Gabriel Said 20 de agosto de 2019

“Poucos conseguem criar, correr está ao alcance de todos.” – Marcelo Bielsa

 

Fernando Diniz foi demitido do Fluminense após derrota para o CSA, em partida válida pelo Campeonato Brasileiro de 2019. Foto: Divulgação/Fluminense.

Fernando Diniz foi demitido do Fluminense. Essa demissão é diferente das dezenas de outras que o futebol brasileiro gosta de proporcionar todos os anos. Na noite do dia 18 de agosto, o Campeonato Brasileiro teve a partida com recorde de finalizações de um dos times, com o Fluminense finalizando 33 vezes contra 5 do CSA e mesmo assim perdendo de 1×0. O prognóstico dado foi que a culpa era do treinador e no dia seguinte Diniz foi demitido.

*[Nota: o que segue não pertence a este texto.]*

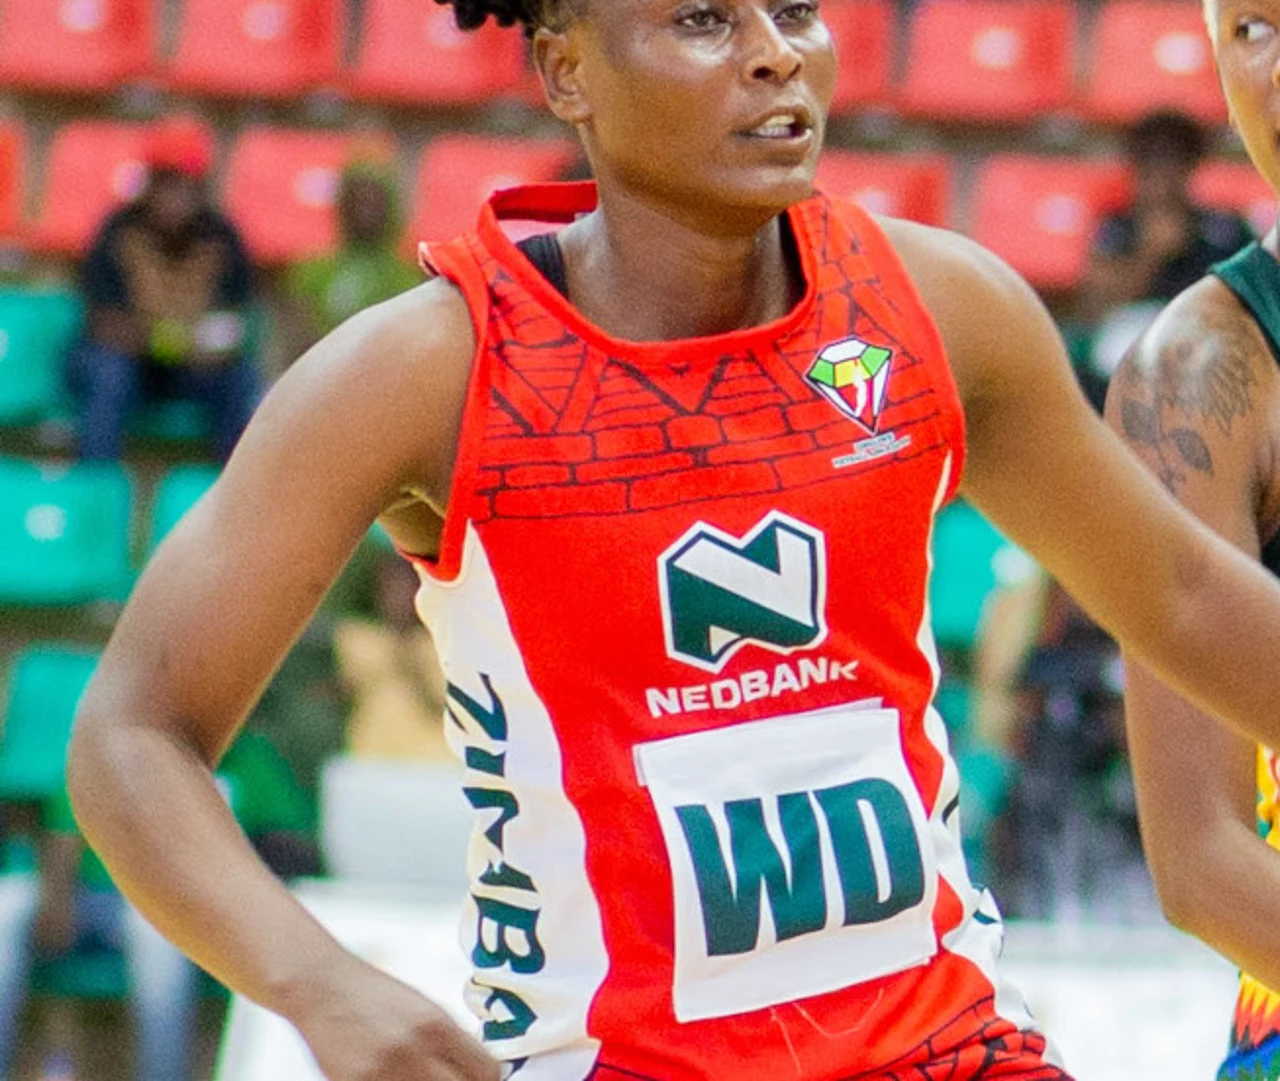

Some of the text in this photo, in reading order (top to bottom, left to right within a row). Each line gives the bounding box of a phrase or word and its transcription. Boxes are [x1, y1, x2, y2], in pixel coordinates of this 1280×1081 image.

[645, 657, 860, 718] NEDBANK
[445, 672, 546, 1081] ZIMBA
[674, 776, 926, 958] WD
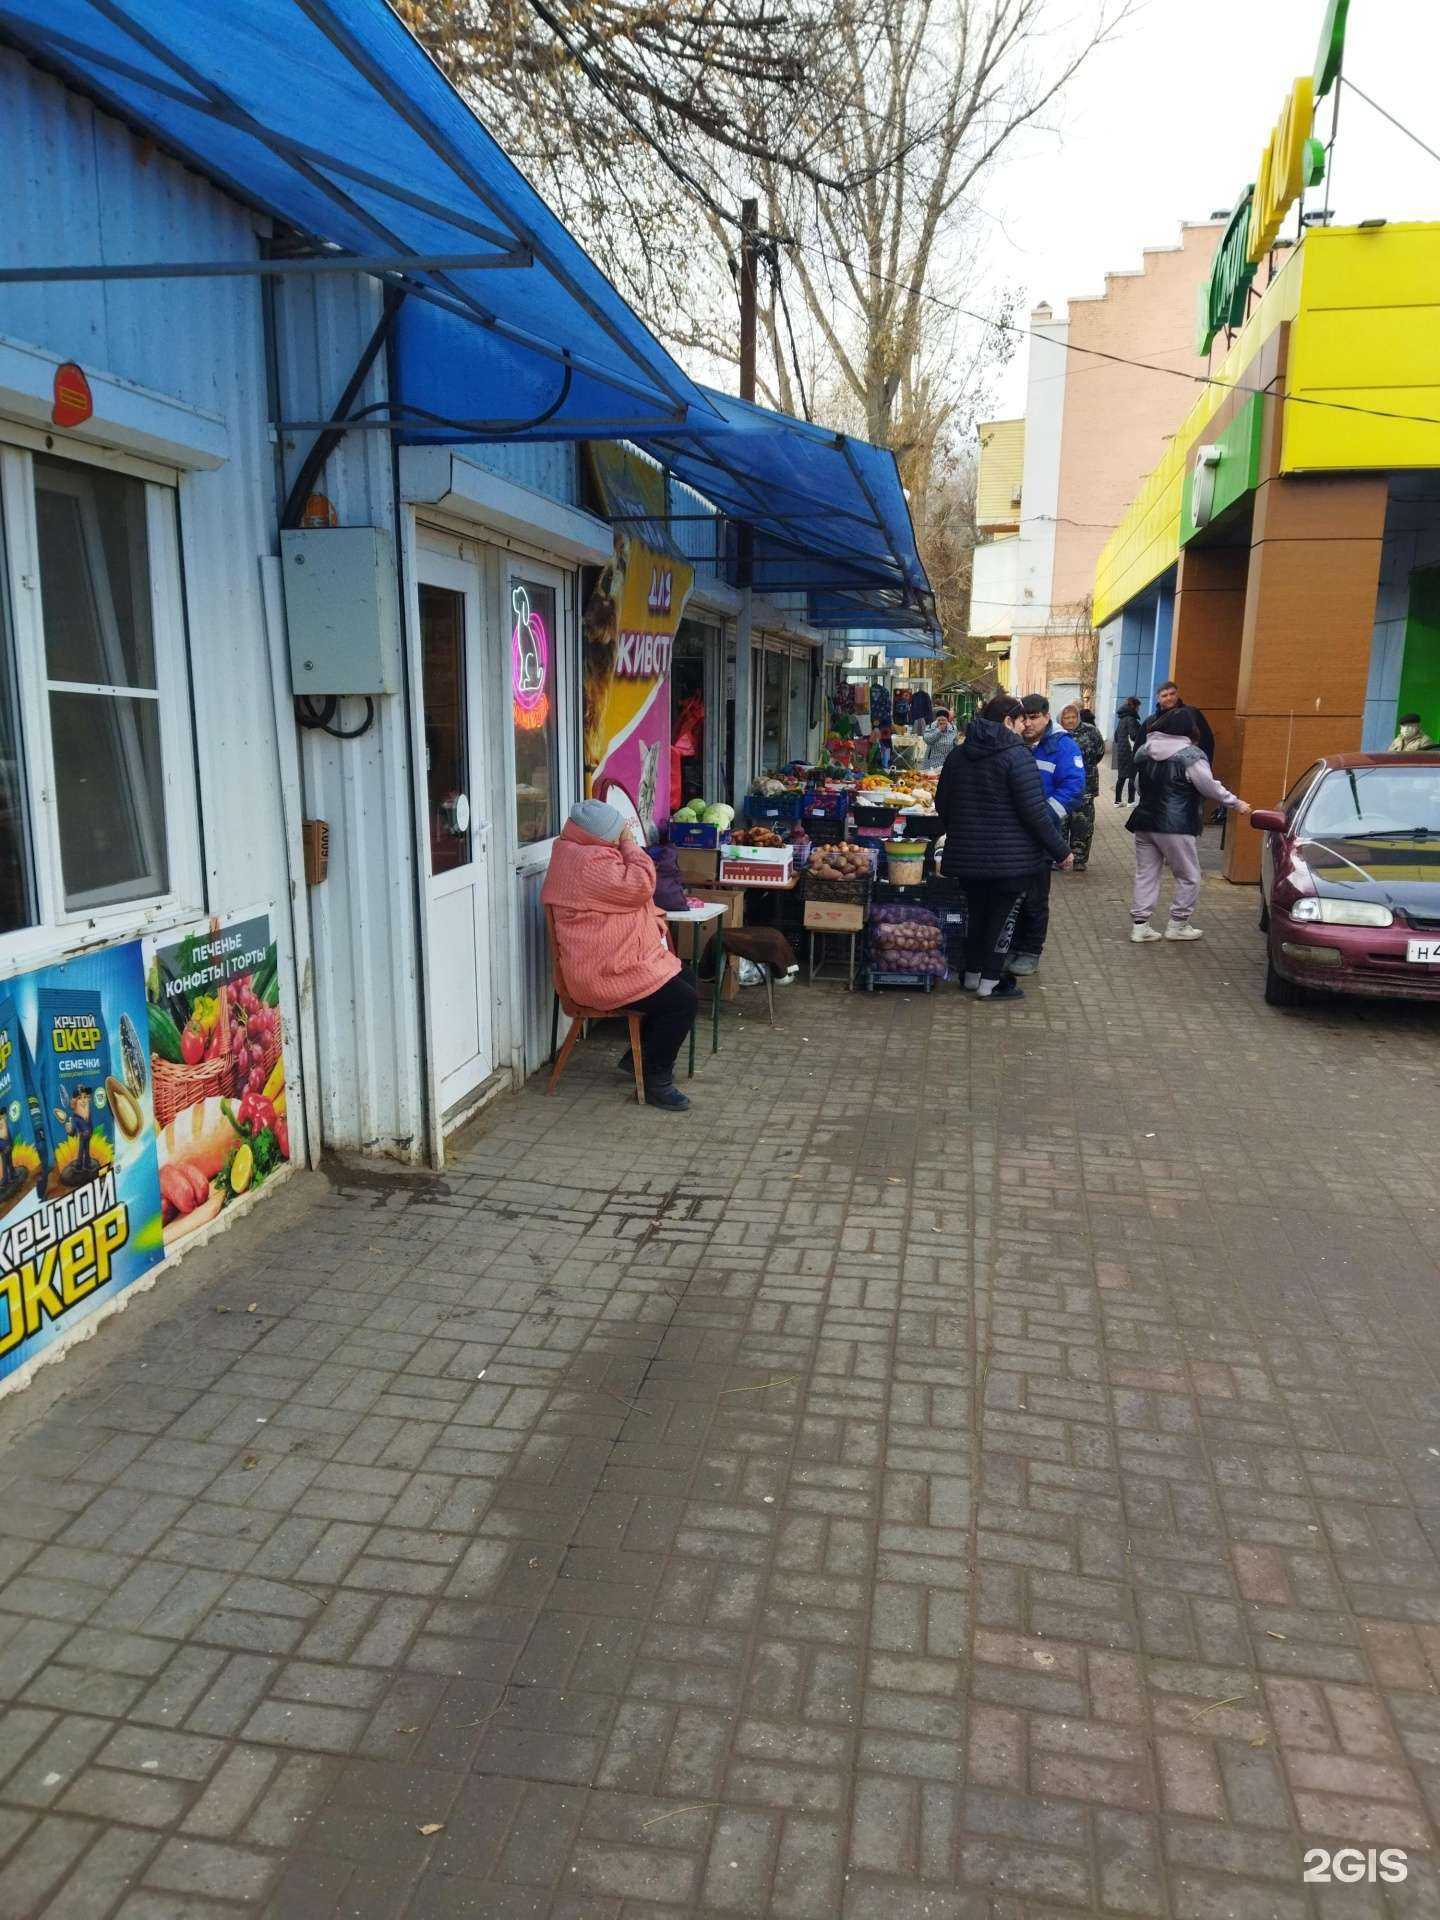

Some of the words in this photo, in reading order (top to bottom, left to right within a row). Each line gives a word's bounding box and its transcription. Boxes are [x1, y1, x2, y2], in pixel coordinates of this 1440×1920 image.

[648, 567, 671, 607] ДЛЯ
[192, 934, 242, 963] ПЕЧЕНЬЕ
[166, 964, 223, 998] КОНФЕТЫ
[232, 947, 266, 972] ТОРТЫ
[53, 1014, 96, 1028] КРУТОЙ
[59, 1058, 100, 1070] СЕМЕЧКИ

Se o resultado fosse 1×0 para o time de Diniz os comentários sobre o jogo seriam totalmente diferentes. Algo parecido aconteceu paralelamente em Belo Horizonte, com responsabilização de culpa ao Sampaoli pela derrota do Santos, ignorando a expulsão do zagueiro santista aos 4 minutos. Sampaoli e Diniz são dois treinadores que tentam ganhar sempre, algo incomum no Brasil, com vários treinadores que mais parecem se contentar com empates e de vez em quando são agraciados com um gol decisivo.

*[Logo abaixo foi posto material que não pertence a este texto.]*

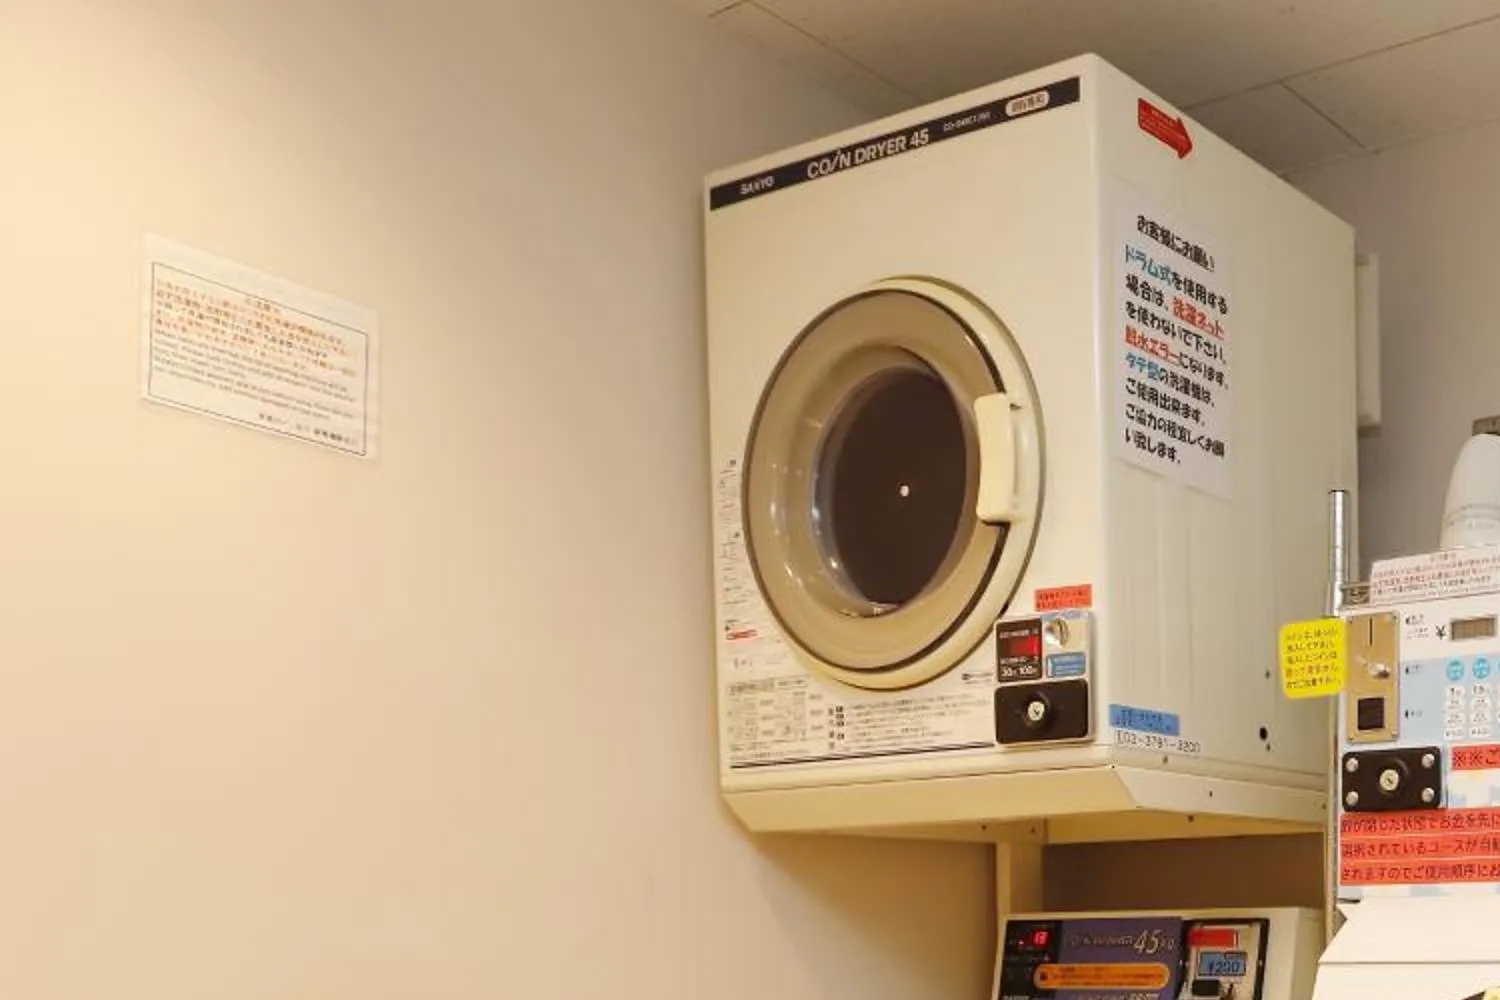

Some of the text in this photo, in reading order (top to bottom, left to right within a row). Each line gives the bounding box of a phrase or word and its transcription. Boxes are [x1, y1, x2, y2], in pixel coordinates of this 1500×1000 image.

[740, 175, 774, 195] SANYO
[855, 135, 908, 165] DRYER
[910, 128, 930, 147] 45
[1137, 215, 1215, 272] お客様にお願い
[1125, 244, 1228, 314] ドラム式を使用する

A sensação é que poucos que trabalham com futebol realmente o entendem ou se esforçam. Provavelmente muitos poderiam seguir suas vidas normalmente se apenas comentassem o placar depois do jogo. Bastaria fazer o download de um aplicativo qualquer de resultado de jogos no celular e comentar o que vê. Duvido que mudaria muita coisa.

Imagina um jogo que um time tenha 5 finalizações, troque 166 passes e tenha 11% de posse de bola contra 23 finalizações, 955 passes e 89% de posse. Este jogo aconteceu em 2012 entre Celtic e Barcelona em que mesmo muito pressionado, o Celtic conseguiu a vitória. A grande questão nesse jogo é que os escoceses podem ter conseguido vencer jogando assim naquele dia, mas isso se sustenta? A história já mostrou que aquela noite em Glasgow foi incomum, obra de um acaso do futebol. Mas será que Guardiola teria sido poupado se trabalhasse no Brasil? Tenho certeza que o interminável debate sobre posse de bola seria pauta por uma semana.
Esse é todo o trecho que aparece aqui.